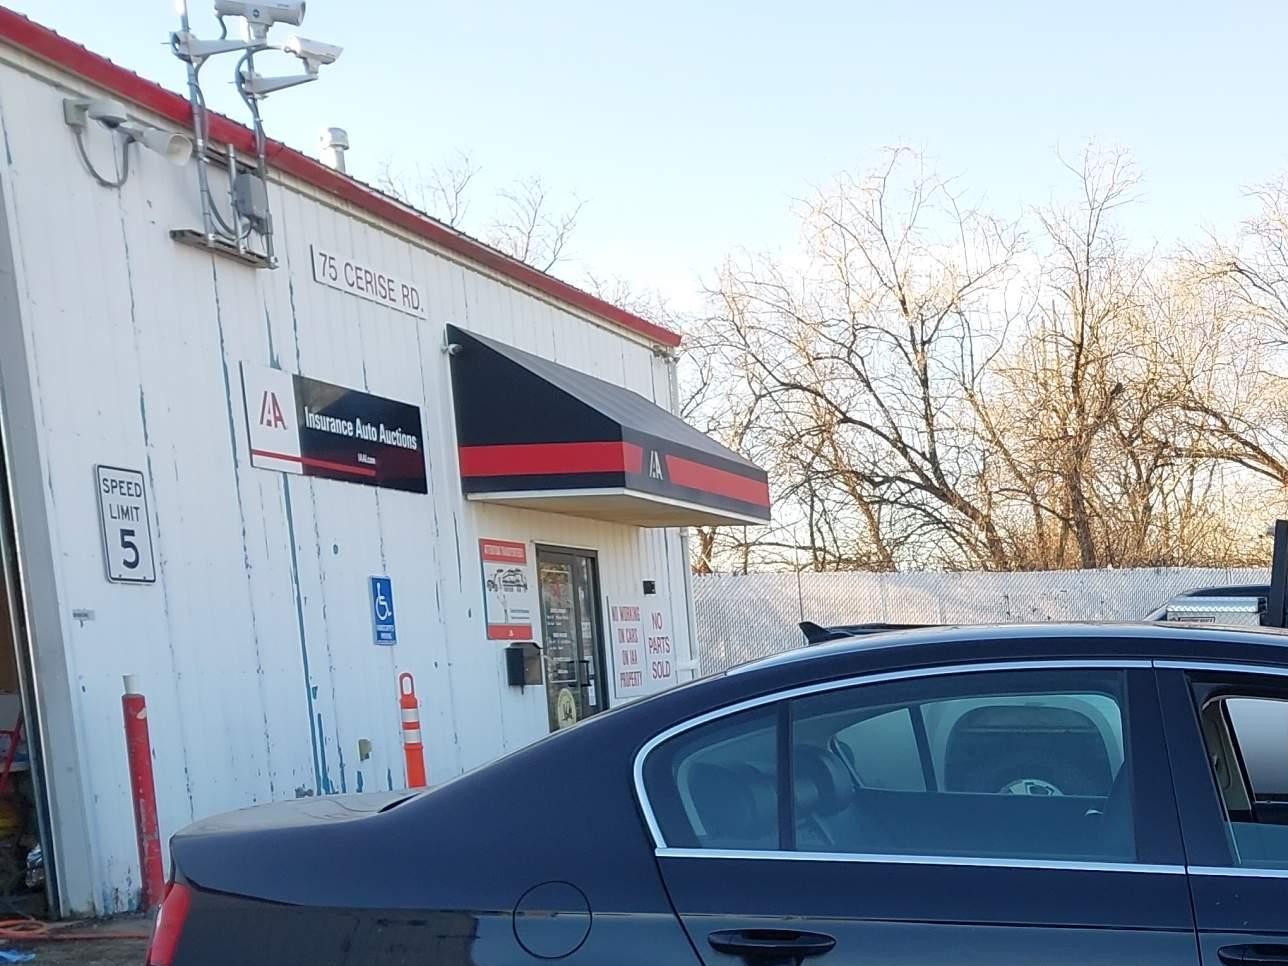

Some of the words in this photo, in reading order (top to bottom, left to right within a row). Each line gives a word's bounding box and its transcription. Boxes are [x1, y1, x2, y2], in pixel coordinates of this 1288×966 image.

[344, 262, 397, 303] CERISE
[401, 283, 424, 312] RD.
[304, 405, 354, 437] Insurance
[355, 417, 378, 442] Auto
[379, 424, 418, 451] Auctions
[102, 478, 142, 498] SPEED
[109, 503, 140, 522] LIMIT
[119, 528, 140, 570] 5
[651, 612, 663, 630] NO
[626, 628, 639, 643] CARS
[648, 636, 671, 655] PARTS
[620, 671, 642, 688] PROPERTY
[652, 660, 671, 680] SOLD

####

* **WHAT YOU NEED TO DO**: Since the pictures are not wanted, transcribe only the rest of the material above, exactly as it stands.

* **SOLUTION TO THE PROBLEM**:
Some of the words in this photo, in reading order (top to bottom, left to right within a row). Each line gives a word's bounding box and its transcription. Boxes are [x1, y1, x2, y2], in pixel coordinates of this 1288×966 image.

[344, 262, 397, 303] CERISE
[401, 283, 424, 312] RD.
[304, 405, 354, 437] Insurance
[355, 417, 378, 442] Auto
[379, 424, 418, 451] Auctions
[102, 478, 142, 498] SPEED
[109, 503, 140, 522] LIMIT
[119, 528, 140, 570] 5
[651, 612, 663, 630] NO
[626, 628, 639, 643] CARS
[648, 636, 671, 655] PARTS
[620, 671, 642, 688] PROPERTY
[652, 660, 671, 680] SOLD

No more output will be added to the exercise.